- Grimes, Oklahoma
- Coordinates: 35°27′58″N 99°45′39″W﻿ / ﻿35.46611°N 99.76083°W
- Country: United States
- State: Oklahoma
- County: Roger Mills
- Elevation: 2,261 ft (689 m)
- Time zone: UTC-6 (Central (CST))
- • Summer (DST): UTC-5 (CDT)
- Area code: 580
- GNIS feature ID: 1100467

= Grimes, Oklahoma =

Grimes is an unincorporated community in Roger Mills County, Oklahoma, United States. Grimes is located in the southern part of the county, 11.4 mi south-southwest of Cheyenne.

The Grimes post office opened on March 1, 1901 with John Gernade Lancaster as first Postmaster, and closed on November 26, 1971. Benjamin C. Olson was the last postmaster in Grimes. He then became the postmaster in nearby Sweetwater, Oklahoma. The community was named for acting Oklahoma territorial governor William C. Grimes.

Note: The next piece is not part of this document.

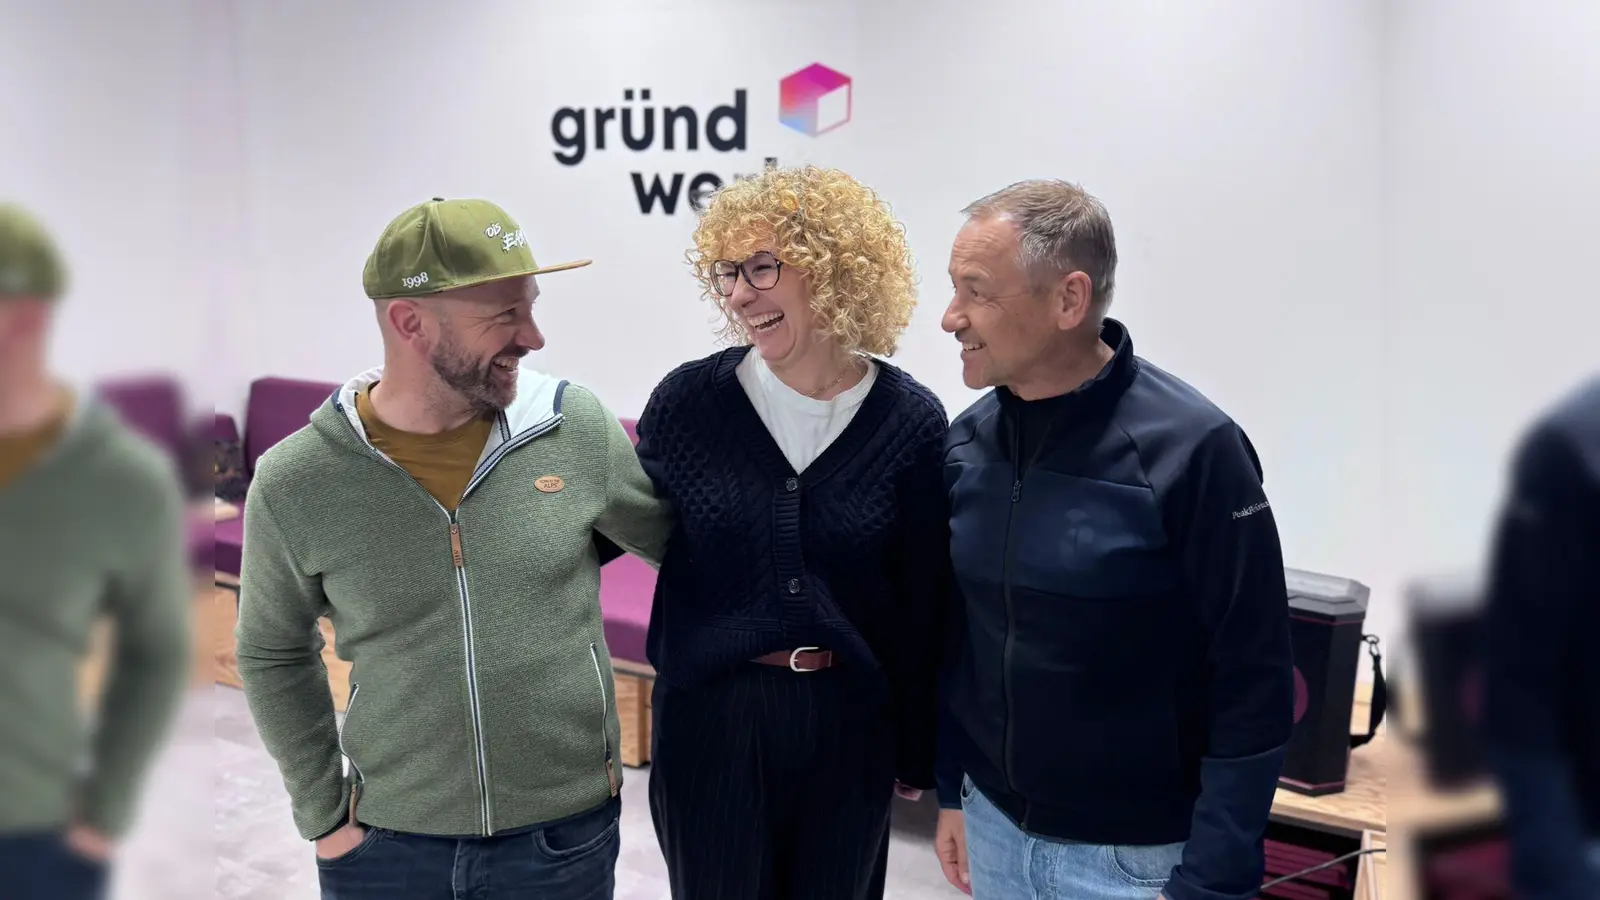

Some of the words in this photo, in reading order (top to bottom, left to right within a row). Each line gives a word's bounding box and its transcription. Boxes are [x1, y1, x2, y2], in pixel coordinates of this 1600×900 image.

Grimes was hit by a violent tornado on the night of April 9, 1947. The tornado was the same night as the Woodward, Oklahoma tornado. The Grimes tornado resulted in the destruction of the blacksmith shop, one home and barn. The home, owned by Ole C Olson and wife Leah Turbyfill Olson was partially destroyed. Ole C Olson was mortally wounded and later died in an Oklahoma City Hospital.